Warren County Sheriff Martin Pace said boats from his office searched the river until after dark Tuesday and returned to the river at first light to resume the search.
Pace said Ergon Marine deployed its river boats soon after the accident was reported Tuesday, and began the surface search at the sheriff’s office’s request.
“They are a good corporate partner,” Pace said. Two sheriff’s office boats were in the water only minutes behind them,” he said. “The Mississippi River is very deep and unforgiving. Just out from the bank, the bank drops off very steeply, very quickly into very deep water.”
The incident occurred at about 5:15 p.m. at a spot on the riverbank west of the levee on the Florida Marine property, where trucks for Riverside Construction Co. were moving lime rock dredged from the river to another site on the Florida Marine property.
Vicksburg police and firefighters responded to the call, and the Vicksburg Fire Department’s dive team was called to begin searching for the truck.
Vicksburg Police officer Russell Dorsey said the truck was waiting on an incline to get a load of limestone, and the driver, who has not been identified, was unable to stop the truck from falling into the river near a barge.
Although witnesses said the driver was still in the truck when it went in, commercial divers brought in by Riverside did not find him when they discovered the truck under the barge, Riverside vice president Don Miller said.
Miller said the commercial divers were called in to assist with locating the truck.
“We had some divers here on another job, and got them off that job and brought them here,” he said, adding some were from New Orleans and some were from Greenville. “When you work in the river, you use very highly certified divers.”
“We couldn’t go up under the barge,” Atkins said. “We have limitations; they (commercial divers) could do a little bit more.
“The current was very rapid down there and murky; you have to feel your way through. Most of that was out of our range.”
He said the department’s divers were not expected to return to the site unless their assistance was requested.”
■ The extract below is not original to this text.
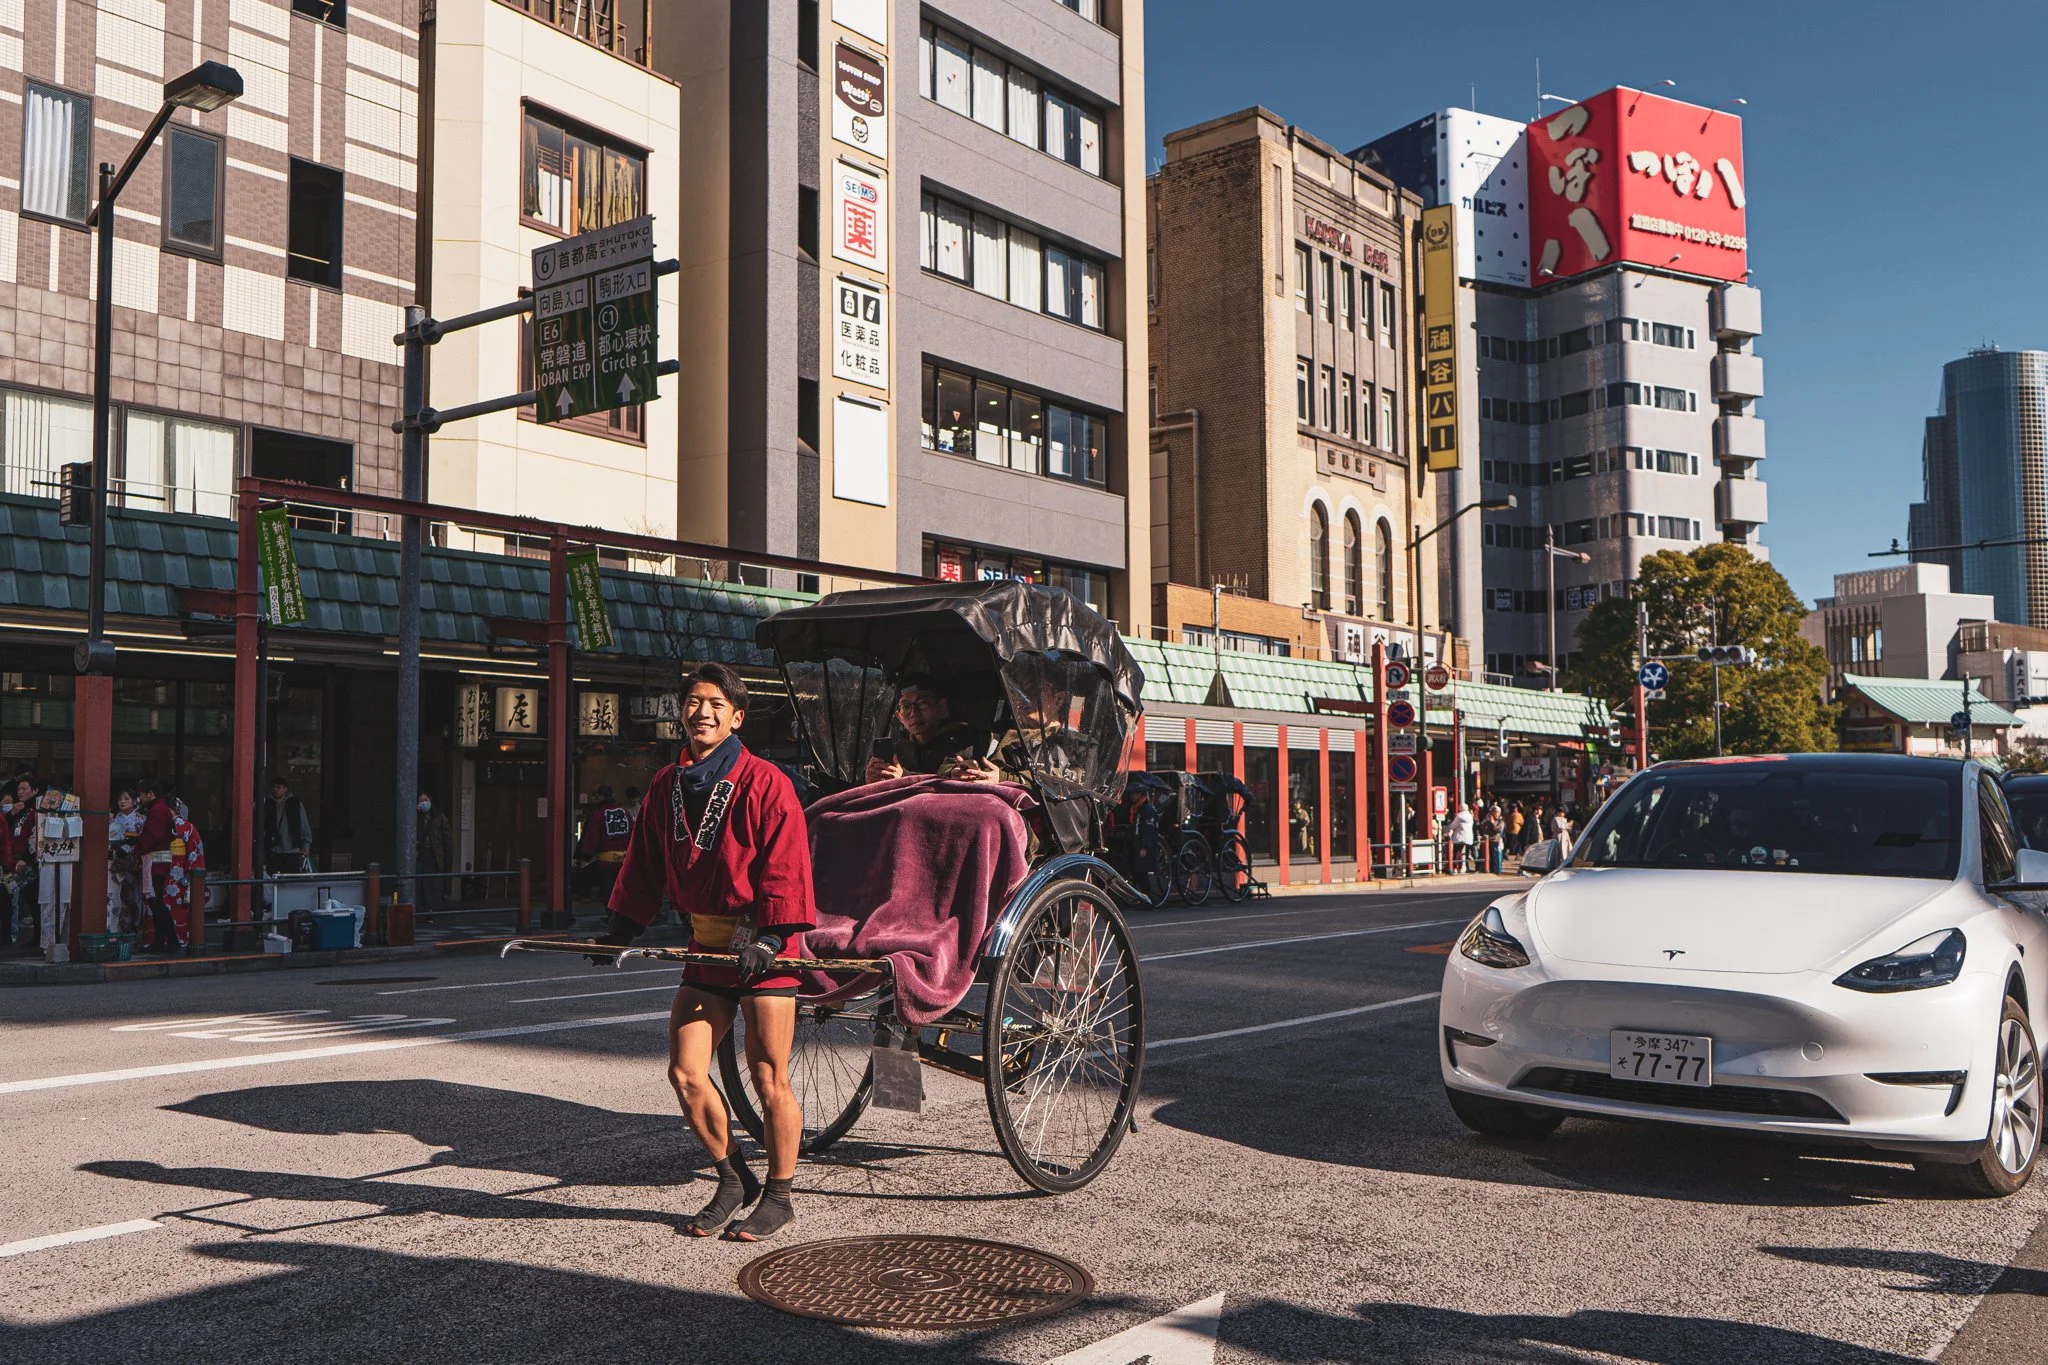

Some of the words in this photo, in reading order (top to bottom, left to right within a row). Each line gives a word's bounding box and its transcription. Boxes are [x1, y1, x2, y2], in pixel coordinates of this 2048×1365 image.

Miller said the truck was one of several company trucks moving limestone for Florida Transport, adding the limestone is placed in a hopper on the barge and trucks back up under the hopper to get their loads.
“He’s probably unloaded tens of thousands of tons of rock and hauled safely, and usually, that’s no problem,” he said. “He was going down hill and lost control of that truck, and nobody knows how, or why, but that’s what happened.
“This young man was skilled and trained to drive it, and he was 22 years old, but he had been with us for a couple of years and been driving a long time and was very competent on it.”